1. PISTOLE, STAR E CAPELLONI IN VIAGGIO CON ORIANA SULLE STRADE D'AMERICA
Alessandro Gnocchi per "il Giornale"
C'era da sospettarlo, e infatti... Anche l'Italia ha avuto il suo Tom Wolfe, Gay Talese, Hunter S. Thompson. Vale a dire un cronista capace di raccontare i fatti di costume con le armi stilistiche della narrativa. Oggi, pomposamente, questo genere è definito non-fiction, all'epoca, gli anni Sessanta, era «solo» (nuovo) giornalismo.

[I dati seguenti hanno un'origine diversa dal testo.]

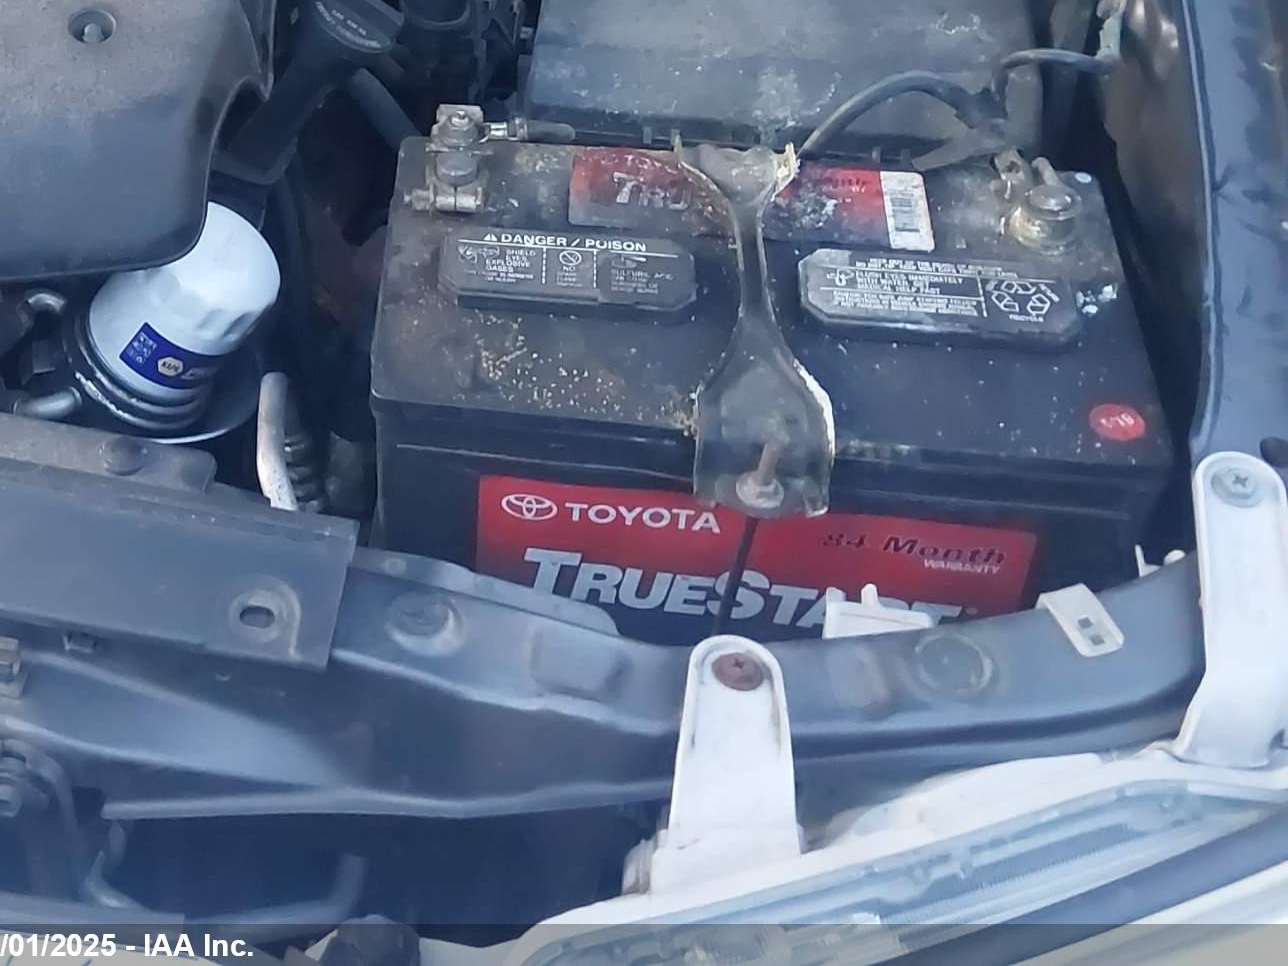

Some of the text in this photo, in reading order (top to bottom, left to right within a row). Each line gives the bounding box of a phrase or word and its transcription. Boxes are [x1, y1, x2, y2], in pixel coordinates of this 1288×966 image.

[501, 233, 567, 247] DANGER
[585, 238, 647, 252] POISON
[908, 274, 964, 284] IMMEDIATELY
[564, 502, 721, 534] TOYOTA
[883, 536, 1005, 564] Month

Il nostro Tom Wolfe si chiamava Oriana Fallaci come dimostra Viaggio in America (Rizzoli, pagg. 306, euro 19), raccolta dei reportage dagli Usa pubblicati sull'Europeo tra il 1965 e il 1967. Nulla di inedito ma la possibilità di leggere questi articoli uno di fila all'altro cambia, anche piuttosto radicalmente, il profilo della Oriana pre-Vietnam. Tanto americana quanto italiana, nonostante lo splendido italiano in cui scriveva.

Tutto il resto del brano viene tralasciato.